While Gleevec and other drug therapies simply require the patient to take a pill, Provenge is unique. It is not a pill. Actually, it isn’t a drug at all. Patients undergo leukapheresis, a procedure in which blood is collected and the white blood cells are separated out. These white blood cells include antigen-presenting cells (APCs). APCs are immune cells responsible for the recognition, processing and presentation of foreign antigens to the T-cells. The APCs are sent to a Dendreon facility, where they are kept alive in culture and exposed to a recombinant fusion protein that contains prostatic acid phosphatase (PAP). PAP is an enzyme produced by the prostate and found at elevated levels in the blood of prostate cancer patients, much like prostate-specific antigen (PSA), because the cancer cells produce it and it sheds from the cell surface into the blood stream. Cancer cells have multiple mechanisms by which they can avoid detection by T-cells. The APCs process and present PAP on their surface. Two days after the initial blood draw, the patient returns to the hospital/doctor’s office and the APCs are infused back into their body through an i.v. They undergo this process three times over the course of a four-week period and then the treatment is complete. The PAP-presenting APCs interact with other types of immune cells in the body. Essentially, the APCs are “telling” your T-cells that the PAP protein is “bad” so that they target and kill any cells in the body that express this protein on their surface. The result is that your own immune system is manipulated and used to kill your cancer.
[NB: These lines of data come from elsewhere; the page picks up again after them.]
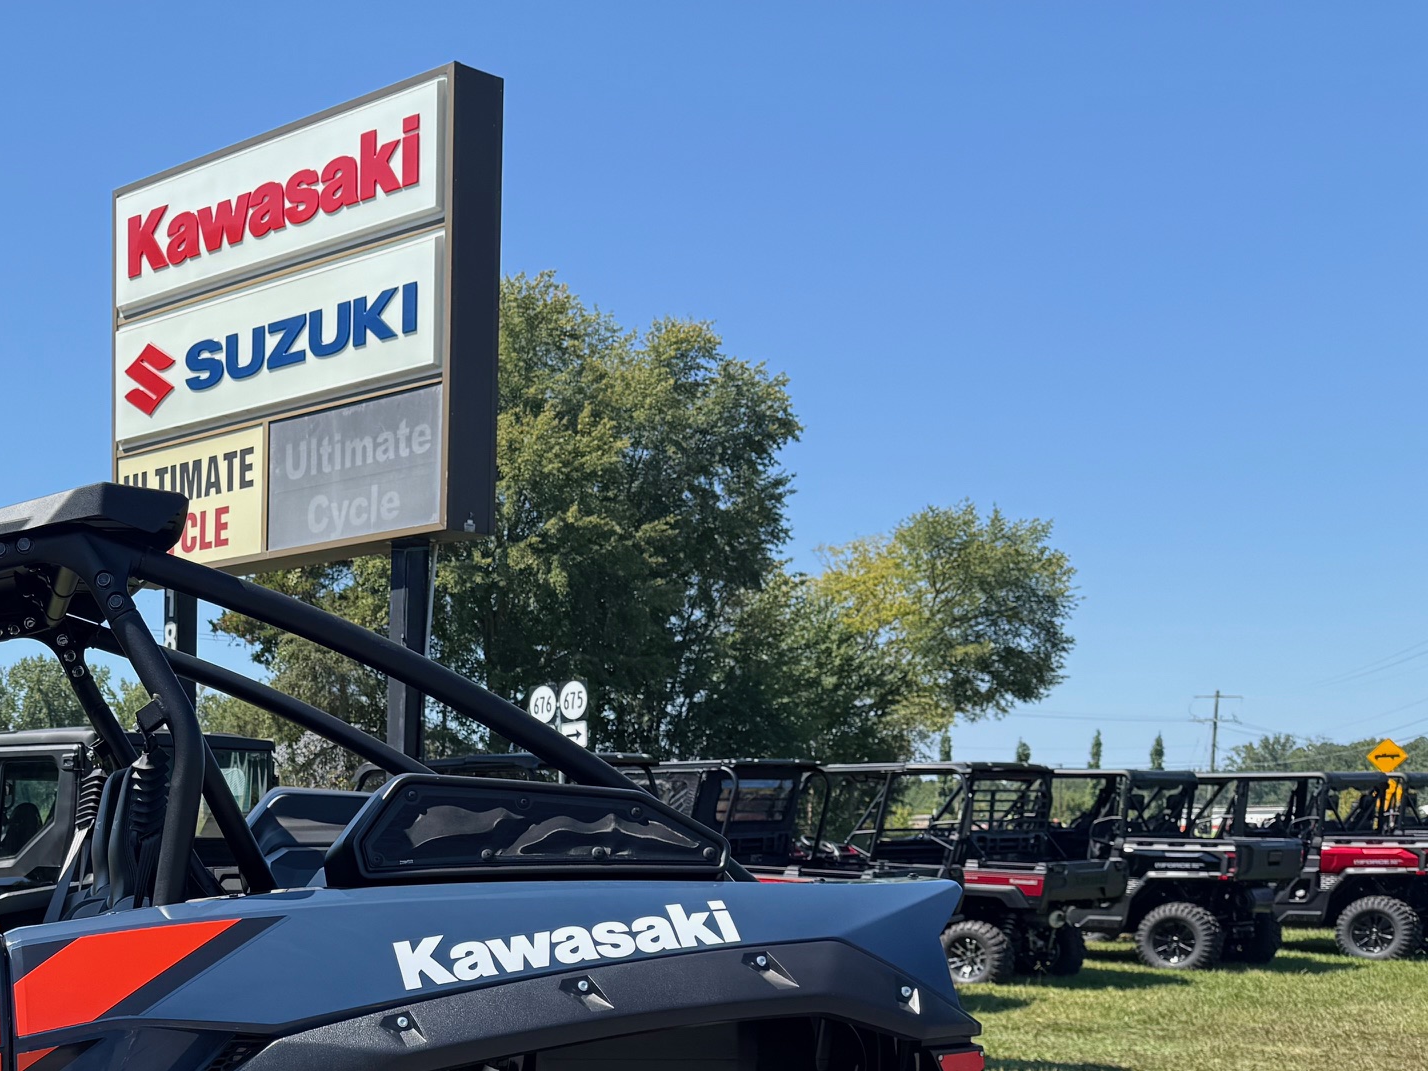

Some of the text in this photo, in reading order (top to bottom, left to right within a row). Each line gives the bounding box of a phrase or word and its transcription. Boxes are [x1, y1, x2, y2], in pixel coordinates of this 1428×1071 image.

[127, 113, 420, 279] Kawasaki
[185, 281, 418, 391] SUZUKI
[285, 418, 432, 480] Ultimate
[307, 484, 401, 539] Cycle
[533, 696, 552, 715] 676
[563, 691, 583, 710] 675
[392, 900, 742, 991] Kawasaki
It is unlike any other FDA-approved cancer therapy. Every man diagnosed with prostate cancer will undergo this treatment, just as chemotherapy and hormone therapy are the standard today. For these men, the key will be how they pay for it.

From this point on, labs will be writing clinical trials for prostate cancer that will combine their drug with Provenge, as it will eventually become the standard of care for metastatichormone-refractory prostate cancer. This will undoubtedly be a complex undertaking as the workings of the immune system are intricate and easily influenced. It is well established that some chemotherapy drugs are immunosuppressive. It is reasonable to question if other drugs will effect the immune system’s ability to respond to Provenge or some other therapeutic vaccine. This is a question that I ask everyday in my own studies. Clearly, this is a truly exciting development that will benefit patients. However, the FDA approval of the first therapeutic vaccine for prostate cancer is also a significant event for the field of cancer biology. It is going to create an unbreakable bridge between the fields of immunology and cancer biology and will hopefully encourage the development and approval of future innovative immunotherapeutic approaches to treat cancer, leading to treatment options for patients with fewer side effects and better outcomes.